Laminated composite materials have gained widespread acceptance in civil engineering due to their outstanding mechanical properties, such as high strength-to-weight and stiffness-to-weight ratios, excellent durability, and resistance to environmental degradation. Among various structural forms, hyperbolic and elliptical paraboloidal shells, which possess a smooth double-curved geometry, offer superior stiffness and aesthetic qualities. These characteristics make them wellsuited for long-span roofing systems and architecturally significant structures. The integration of laminated composites further enhances their efficiency, making them increasingly popular in modern engineering applications.
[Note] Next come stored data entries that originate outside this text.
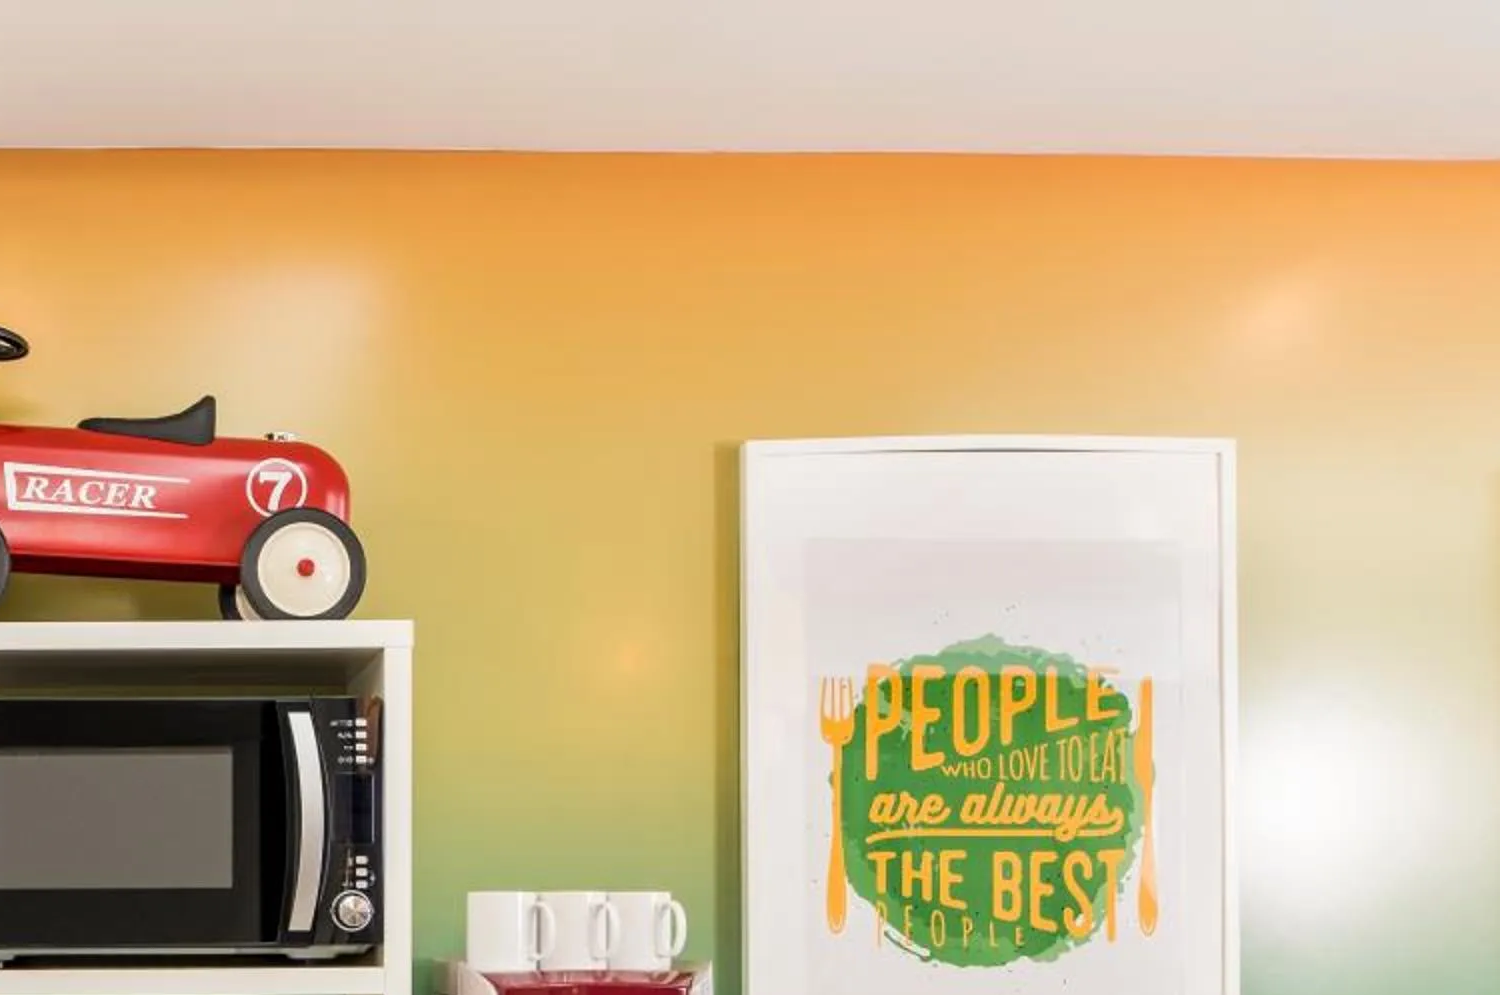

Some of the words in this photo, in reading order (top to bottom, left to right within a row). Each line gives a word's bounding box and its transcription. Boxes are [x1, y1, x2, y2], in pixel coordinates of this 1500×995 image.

[24, 475, 157, 510] RACER
[259, 471, 293, 512] 7
[864, 664, 1122, 780] PEOPLE
[941, 758, 991, 780] WHO
[999, 744, 1051, 782] LOVE
[1056, 735, 1083, 784] TO
[1088, 728, 1126, 785] EAT
[867, 791, 952, 824] are
[960, 783, 1125, 842] always
[867, 850, 968, 911] THE
[992, 849, 1126, 943] BEST
[874, 900, 1026, 948] PEOPLE
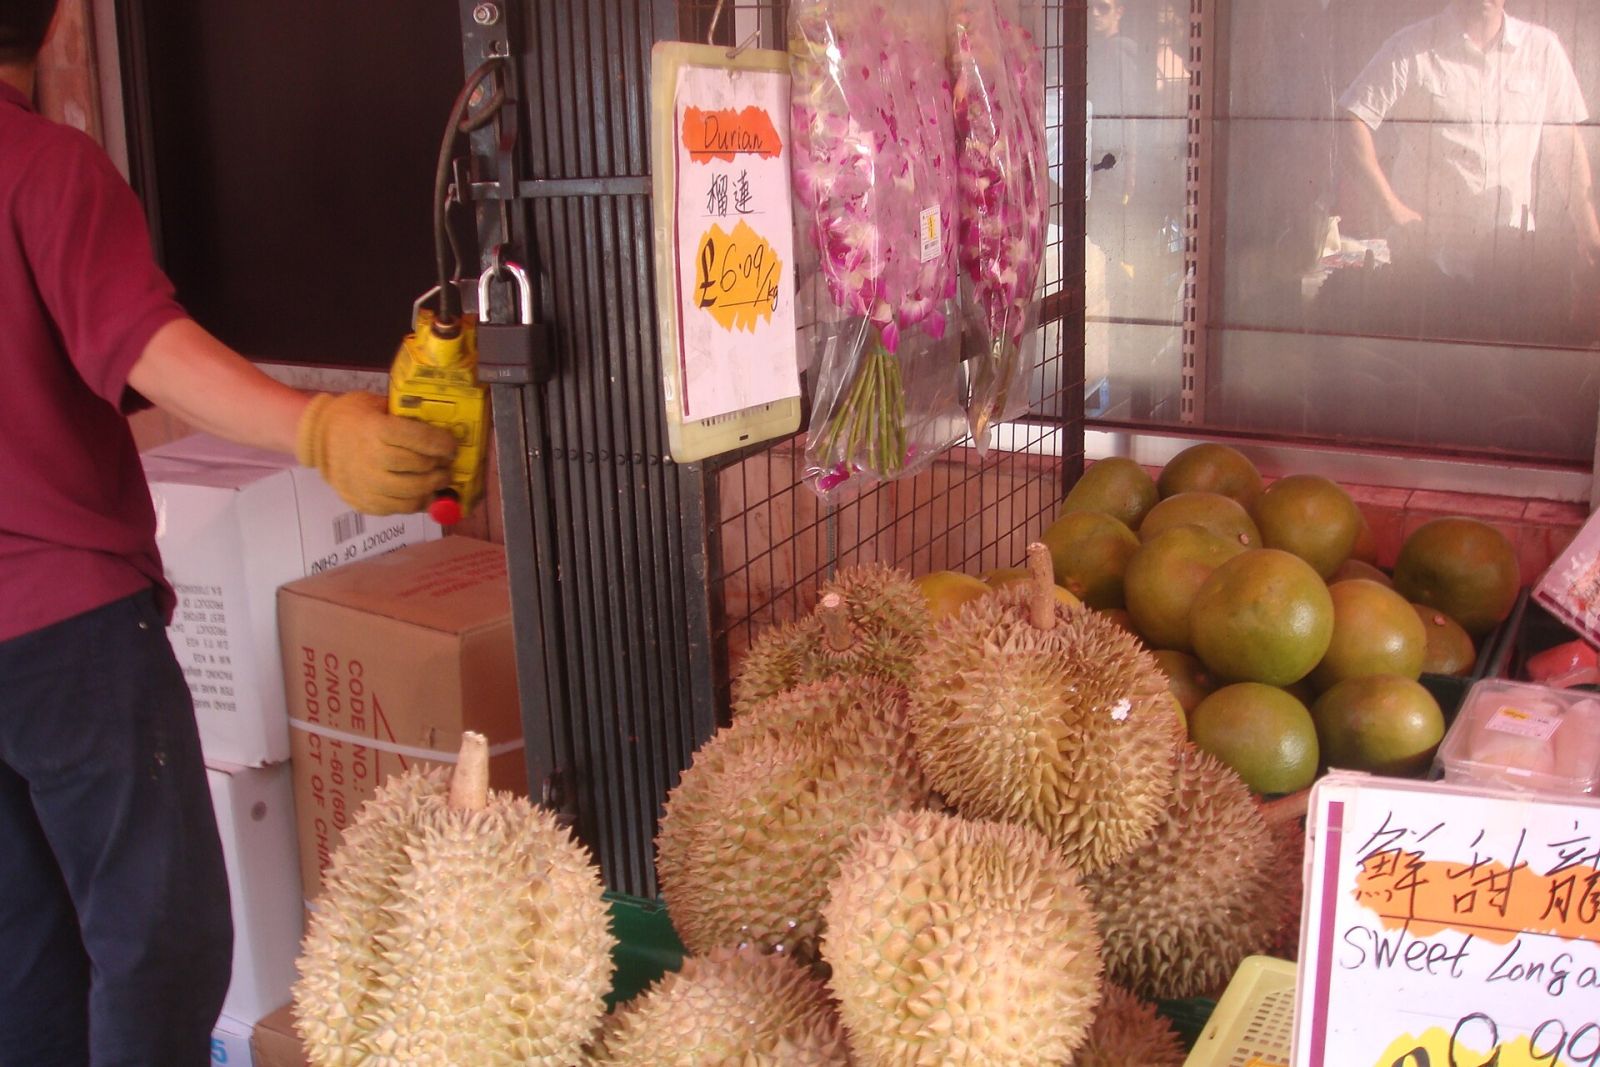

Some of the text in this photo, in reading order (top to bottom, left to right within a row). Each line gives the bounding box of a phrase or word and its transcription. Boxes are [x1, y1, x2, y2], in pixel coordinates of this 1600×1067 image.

[704, 115, 763, 150] Durian
[362, 522, 406, 553] PRODUCT
[348, 659, 367, 732] CODE
[311, 775, 325, 807] OF
[314, 817, 332, 887] CHIN
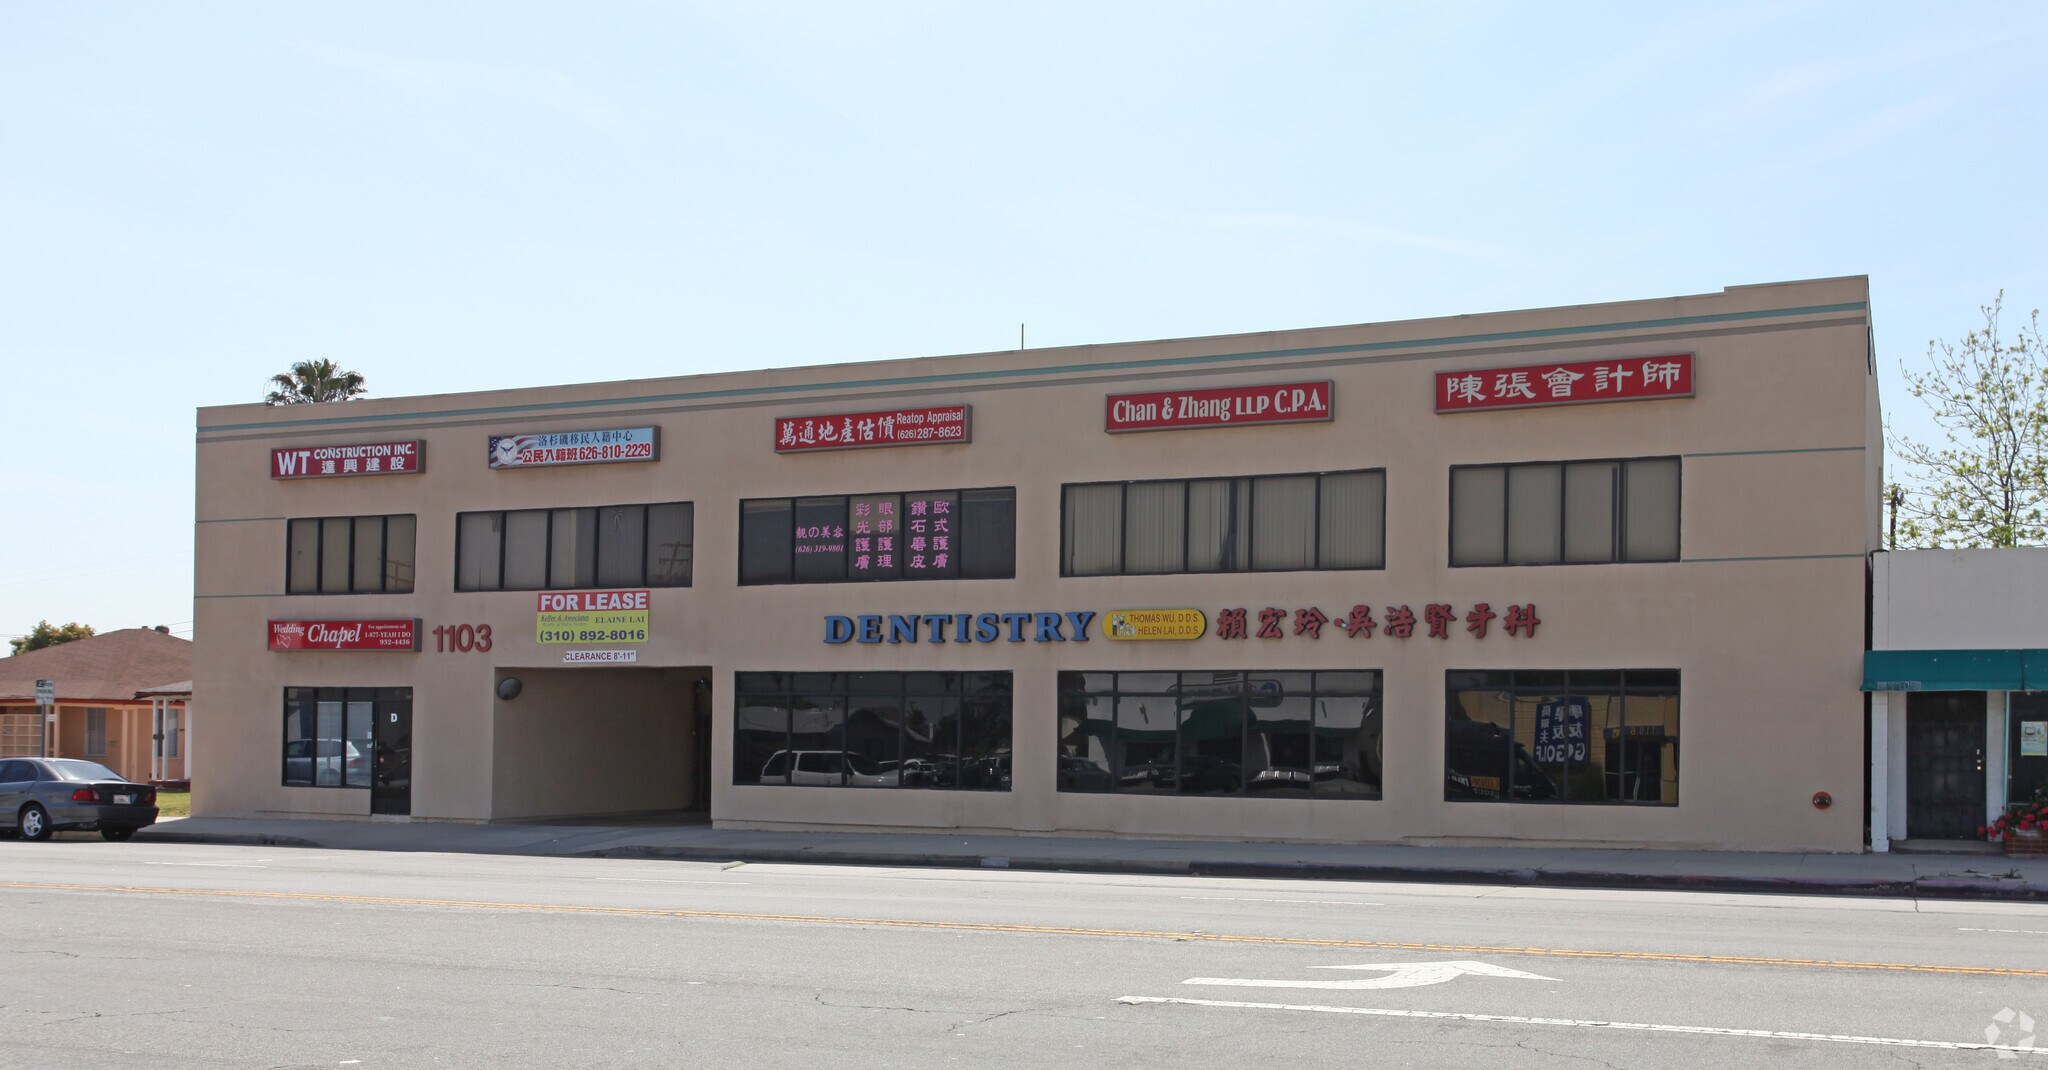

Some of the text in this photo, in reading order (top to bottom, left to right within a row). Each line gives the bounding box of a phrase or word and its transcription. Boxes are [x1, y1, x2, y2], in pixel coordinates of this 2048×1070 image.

[1447, 361, 1682, 403] 陳張會計師
[1113, 388, 1326, 423] Chan & Zhang LLP C.P.A.
[896, 409, 964, 427] Reatop Appraisal
[779, 416, 895, 446] 萬通地產估價
[277, 444, 415, 475] WT CONSTRUCTION INC.
[579, 443, 651, 460] 626-810-2229
[321, 457, 405, 474] 達興建設
[855, 503, 871, 570] 彩光護膚
[877, 503, 893, 568] 眼部護理
[932, 501, 950, 568] 歐式護膚
[795, 545, 844, 553] (626) 319-9801
[541, 592, 647, 610] FOR LEASE
[595, 616, 627, 624] ELAINE
[823, 611, 1096, 644] DENTISTRY
[1129, 614, 1160, 623] THOMAS
[273, 623, 305, 636] Wedding
[307, 623, 363, 649] Chapel
[432, 624, 493, 653] 1103
[540, 629, 645, 642] (310) 892-8016
[1138, 626, 1162, 635] HELEN
[391, 713, 398, 722] D
However, practical implementations often require cutouts in shell surfaces for functional necessities such as air-conditioning ducts, skylights, or maintenance access, which may significantly affect their dynamic behaviour. Despite the growing use of hyperbolic and elliptical paraboloidal shells, studies addressing the impact of cutouts on their free vibration characteristics remain limited. Moreover, variations in lamination schemes and support conditions further influence their dynamic response and demand systematic evaluation. The present study aims to fill this research gap by investigating the free vibration behaviour of laminated composite hyperbolic and elliptical paraboloidal shells with cutouts under various boundary conditions and laminate stacking sequences. The influence of cutout geometry, location, and laminate configuration on the fundamental natural frequencies and mode shapes is assessed through detailed finite element modelling. The findings from this research are expected to provide valuable insights for optimizing the design of such advanced shell structures in civil engineering practice.